WORK TASK => Go through the entries and copy each one exactly. Leave none out.

#### EXCERPTED DATA ####

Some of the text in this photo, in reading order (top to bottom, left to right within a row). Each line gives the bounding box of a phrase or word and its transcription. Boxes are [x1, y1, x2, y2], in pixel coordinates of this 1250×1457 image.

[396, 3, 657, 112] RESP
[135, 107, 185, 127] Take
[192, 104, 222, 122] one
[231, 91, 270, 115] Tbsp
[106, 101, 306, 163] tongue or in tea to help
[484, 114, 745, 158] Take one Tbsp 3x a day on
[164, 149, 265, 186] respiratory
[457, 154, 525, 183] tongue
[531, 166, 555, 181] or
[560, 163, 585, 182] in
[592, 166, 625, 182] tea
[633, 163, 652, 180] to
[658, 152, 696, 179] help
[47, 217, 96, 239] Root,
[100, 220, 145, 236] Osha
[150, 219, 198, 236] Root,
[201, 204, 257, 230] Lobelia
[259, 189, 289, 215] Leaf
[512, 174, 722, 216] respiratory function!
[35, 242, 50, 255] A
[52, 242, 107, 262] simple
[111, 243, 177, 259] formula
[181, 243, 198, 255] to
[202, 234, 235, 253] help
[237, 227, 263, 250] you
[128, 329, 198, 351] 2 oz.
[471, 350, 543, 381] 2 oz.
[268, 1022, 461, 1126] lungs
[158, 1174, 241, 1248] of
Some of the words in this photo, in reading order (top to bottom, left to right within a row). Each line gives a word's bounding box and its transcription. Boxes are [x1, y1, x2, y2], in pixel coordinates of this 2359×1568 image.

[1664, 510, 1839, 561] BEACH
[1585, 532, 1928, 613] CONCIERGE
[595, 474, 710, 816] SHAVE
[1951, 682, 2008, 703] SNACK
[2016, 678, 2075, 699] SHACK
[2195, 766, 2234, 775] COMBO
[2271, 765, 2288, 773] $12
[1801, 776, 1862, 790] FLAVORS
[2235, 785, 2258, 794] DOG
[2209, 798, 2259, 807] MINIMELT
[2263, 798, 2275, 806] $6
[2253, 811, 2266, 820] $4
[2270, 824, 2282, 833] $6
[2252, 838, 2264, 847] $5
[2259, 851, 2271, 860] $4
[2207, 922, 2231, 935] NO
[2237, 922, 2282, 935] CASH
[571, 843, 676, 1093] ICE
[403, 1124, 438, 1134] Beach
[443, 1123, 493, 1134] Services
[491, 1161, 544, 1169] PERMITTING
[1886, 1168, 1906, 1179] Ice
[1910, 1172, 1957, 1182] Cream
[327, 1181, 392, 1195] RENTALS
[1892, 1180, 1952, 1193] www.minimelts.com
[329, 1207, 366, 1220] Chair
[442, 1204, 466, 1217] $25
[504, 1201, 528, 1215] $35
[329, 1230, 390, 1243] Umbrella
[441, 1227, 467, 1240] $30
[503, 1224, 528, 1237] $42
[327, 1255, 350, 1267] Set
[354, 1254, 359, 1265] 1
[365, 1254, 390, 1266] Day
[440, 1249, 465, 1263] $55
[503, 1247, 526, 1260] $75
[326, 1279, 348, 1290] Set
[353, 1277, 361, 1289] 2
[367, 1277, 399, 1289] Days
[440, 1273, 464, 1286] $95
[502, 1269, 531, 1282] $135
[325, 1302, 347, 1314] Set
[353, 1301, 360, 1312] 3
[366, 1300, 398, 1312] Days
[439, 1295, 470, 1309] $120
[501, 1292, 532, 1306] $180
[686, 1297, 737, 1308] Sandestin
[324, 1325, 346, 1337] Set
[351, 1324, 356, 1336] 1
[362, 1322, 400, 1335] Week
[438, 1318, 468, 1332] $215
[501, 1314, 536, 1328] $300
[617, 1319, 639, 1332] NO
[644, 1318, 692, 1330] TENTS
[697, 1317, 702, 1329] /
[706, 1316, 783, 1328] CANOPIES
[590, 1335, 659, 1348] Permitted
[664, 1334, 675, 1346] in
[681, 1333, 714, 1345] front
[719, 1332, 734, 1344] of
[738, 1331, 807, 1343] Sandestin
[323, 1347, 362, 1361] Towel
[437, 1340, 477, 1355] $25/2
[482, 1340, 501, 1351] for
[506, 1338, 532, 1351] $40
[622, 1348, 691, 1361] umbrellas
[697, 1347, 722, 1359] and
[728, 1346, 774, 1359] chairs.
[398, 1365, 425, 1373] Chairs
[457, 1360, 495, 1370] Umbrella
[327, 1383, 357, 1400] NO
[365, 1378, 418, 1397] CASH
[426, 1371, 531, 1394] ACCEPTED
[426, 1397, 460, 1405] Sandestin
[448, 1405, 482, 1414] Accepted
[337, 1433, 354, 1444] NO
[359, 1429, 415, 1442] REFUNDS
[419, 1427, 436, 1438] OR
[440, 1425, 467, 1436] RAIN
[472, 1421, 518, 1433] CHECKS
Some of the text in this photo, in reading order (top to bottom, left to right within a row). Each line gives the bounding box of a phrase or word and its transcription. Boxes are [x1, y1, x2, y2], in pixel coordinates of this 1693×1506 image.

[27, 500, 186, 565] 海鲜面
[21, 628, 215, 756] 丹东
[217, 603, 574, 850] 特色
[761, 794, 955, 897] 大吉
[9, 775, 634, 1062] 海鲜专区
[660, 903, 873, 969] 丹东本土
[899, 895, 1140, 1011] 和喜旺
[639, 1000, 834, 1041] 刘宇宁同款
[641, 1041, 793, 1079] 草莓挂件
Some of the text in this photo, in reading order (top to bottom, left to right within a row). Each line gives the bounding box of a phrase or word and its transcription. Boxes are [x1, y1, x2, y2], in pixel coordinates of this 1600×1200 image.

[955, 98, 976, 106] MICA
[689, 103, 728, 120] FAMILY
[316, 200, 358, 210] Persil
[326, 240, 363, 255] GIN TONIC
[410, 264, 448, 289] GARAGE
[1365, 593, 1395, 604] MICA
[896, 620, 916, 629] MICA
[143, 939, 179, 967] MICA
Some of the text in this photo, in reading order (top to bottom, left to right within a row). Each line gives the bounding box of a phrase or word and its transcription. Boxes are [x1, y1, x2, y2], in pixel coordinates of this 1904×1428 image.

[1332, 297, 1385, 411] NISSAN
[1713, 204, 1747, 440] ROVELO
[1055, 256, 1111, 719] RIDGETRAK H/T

####

RESULT =>
Some of the text in this photo, in reading order (top to bottom, left to right within a row). Each line gives the bounding box of a phrase or word and its transcription. Boxes are [x1, y1, x2, y2], in pixel coordinates of this 1250×1457 image.

[396, 3, 657, 112] RESP
[135, 107, 185, 127] Take
[192, 104, 222, 122] one
[231, 91, 270, 115] Tbsp
[106, 101, 306, 163] tongue or in tea to help
[484, 114, 745, 158] Take one Tbsp 3x a day on
[164, 149, 265, 186] respiratory
[457, 154, 525, 183] tongue
[531, 166, 555, 181] or
[560, 163, 585, 182] in
[592, 166, 625, 182] tea
[633, 163, 652, 180] to
[658, 152, 696, 179] help
[47, 217, 96, 239] Root,
[100, 220, 145, 236] Osha
[150, 219, 198, 236] Root,
[201, 204, 257, 230] Lobelia
[259, 189, 289, 215] Leaf
[512, 174, 722, 216] respiratory function!
[35, 242, 50, 255] A
[52, 242, 107, 262] simple
[111, 243, 177, 259] formula
[181, 243, 198, 255] to
[202, 234, 235, 253] help
[237, 227, 263, 250] you
[128, 329, 198, 351] 2 oz.
[471, 350, 543, 381] 2 oz.
[268, 1022, 461, 1126] lungs
[158, 1174, 241, 1248] of
Some of the words in this photo, in reading order (top to bottom, left to right within a row). Each line gives a word's bounding box and its transcription. Boxes are [x1, y1, x2, y2], in pixel coordinates of this 2359×1568 image.

[1664, 510, 1839, 561] BEACH
[1585, 532, 1928, 613] CONCIERGE
[595, 474, 710, 816] SHAVE
[1951, 682, 2008, 703] SNACK
[2016, 678, 2075, 699] SHACK
[2195, 766, 2234, 775] COMBO
[2271, 765, 2288, 773] $12
[1801, 776, 1862, 790] FLAVORS
[2235, 785, 2258, 794] DOG
[2209, 798, 2259, 807] MINIMELT
[2263, 798, 2275, 806] $6
[2253, 811, 2266, 820] $4
[2270, 824, 2282, 833] $6
[2252, 838, 2264, 847] $5
[2259, 851, 2271, 860] $4
[2207, 922, 2231, 935] NO
[2237, 922, 2282, 935] CASH
[571, 843, 676, 1093] ICE
[403, 1124, 438, 1134] Beach
[443, 1123, 493, 1134] Services
[491, 1161, 544, 1169] PERMITTING
[1886, 1168, 1906, 1179] Ice
[1910, 1172, 1957, 1182] Cream
[327, 1181, 392, 1195] RENTALS
[1892, 1180, 1952, 1193] www.minimelts.com
[329, 1207, 366, 1220] Chair
[442, 1204, 466, 1217] $25
[504, 1201, 528, 1215] $35
[329, 1230, 390, 1243] Umbrella
[441, 1227, 467, 1240] $30
[503, 1224, 528, 1237] $42
[327, 1255, 350, 1267] Set
[354, 1254, 359, 1265] 1
[365, 1254, 390, 1266] Day
[440, 1249, 465, 1263] $55
[503, 1247, 526, 1260] $75
[326, 1279, 348, 1290] Set
[353, 1277, 361, 1289] 2
[367, 1277, 399, 1289] Days
[440, 1273, 464, 1286] $95
[502, 1269, 531, 1282] $135
[325, 1302, 347, 1314] Set
[353, 1301, 360, 1312] 3
[366, 1300, 398, 1312] Days
[439, 1295, 470, 1309] $120
[501, 1292, 532, 1306] $180
[686, 1297, 737, 1308] Sandestin
[324, 1325, 346, 1337] Set
[351, 1324, 356, 1336] 1
[362, 1322, 400, 1335] Week
[438, 1318, 468, 1332] $215
[501, 1314, 536, 1328] $300
[617, 1319, 639, 1332] NO
[644, 1318, 692, 1330] TENTS
[697, 1317, 702, 1329] /
[706, 1316, 783, 1328] CANOPIES
[590, 1335, 659, 1348] Permitted
[664, 1334, 675, 1346] in
[681, 1333, 714, 1345] front
[719, 1332, 734, 1344] of
[738, 1331, 807, 1343] Sandestin
[323, 1347, 362, 1361] Towel
[437, 1340, 477, 1355] $25/2
[482, 1340, 501, 1351] for
[506, 1338, 532, 1351] $40
[622, 1348, 691, 1361] umbrellas
[697, 1347, 722, 1359] and
[728, 1346, 774, 1359] chairs.
[398, 1365, 425, 1373] Chairs
[457, 1360, 495, 1370] Umbrella
[327, 1383, 357, 1400] NO
[365, 1378, 418, 1397] CASH
[426, 1371, 531, 1394] ACCEPTED
[426, 1397, 460, 1405] Sandestin
[448, 1405, 482, 1414] Accepted
[337, 1433, 354, 1444] NO
[359, 1429, 415, 1442] REFUNDS
[419, 1427, 436, 1438] OR
[440, 1425, 467, 1436] RAIN
[472, 1421, 518, 1433] CHECKS
Some of the text in this photo, in reading order (top to bottom, left to right within a row). Each line gives the bounding box of a phrase or word and its transcription. Boxes are [x1, y1, x2, y2], in pixel coordinates of this 1693×1506 image.

[27, 500, 186, 565] 海鲜面
[21, 628, 215, 756] 丹东
[217, 603, 574, 850] 特色
[761, 794, 955, 897] 大吉
[9, 775, 634, 1062] 海鲜专区
[660, 903, 873, 969] 丹东本土
[899, 895, 1140, 1011] 和喜旺
[639, 1000, 834, 1041] 刘宇宁同款
[641, 1041, 793, 1079] 草莓挂件
Some of the text in this photo, in reading order (top to bottom, left to right within a row). Each line gives the bounding box of a phrase or word and its transcription. Boxes are [x1, y1, x2, y2], in pixel coordinates of this 1600×1200 image.

[955, 98, 976, 106] MICA
[689, 103, 728, 120] FAMILY
[316, 200, 358, 210] Persil
[326, 240, 363, 255] GIN TONIC
[410, 264, 448, 289] GARAGE
[1365, 593, 1395, 604] MICA
[896, 620, 916, 629] MICA
[143, 939, 179, 967] MICA
Some of the text in this photo, in reading order (top to bottom, left to right within a row). Each line gives the bounding box of a phrase or word and its transcription. Boxes are [x1, y1, x2, y2], in pixel coordinates of this 1904×1428 image.

[1332, 297, 1385, 411] NISSAN
[1713, 204, 1747, 440] ROVELO
[1055, 256, 1111, 719] RIDGETRAK H/T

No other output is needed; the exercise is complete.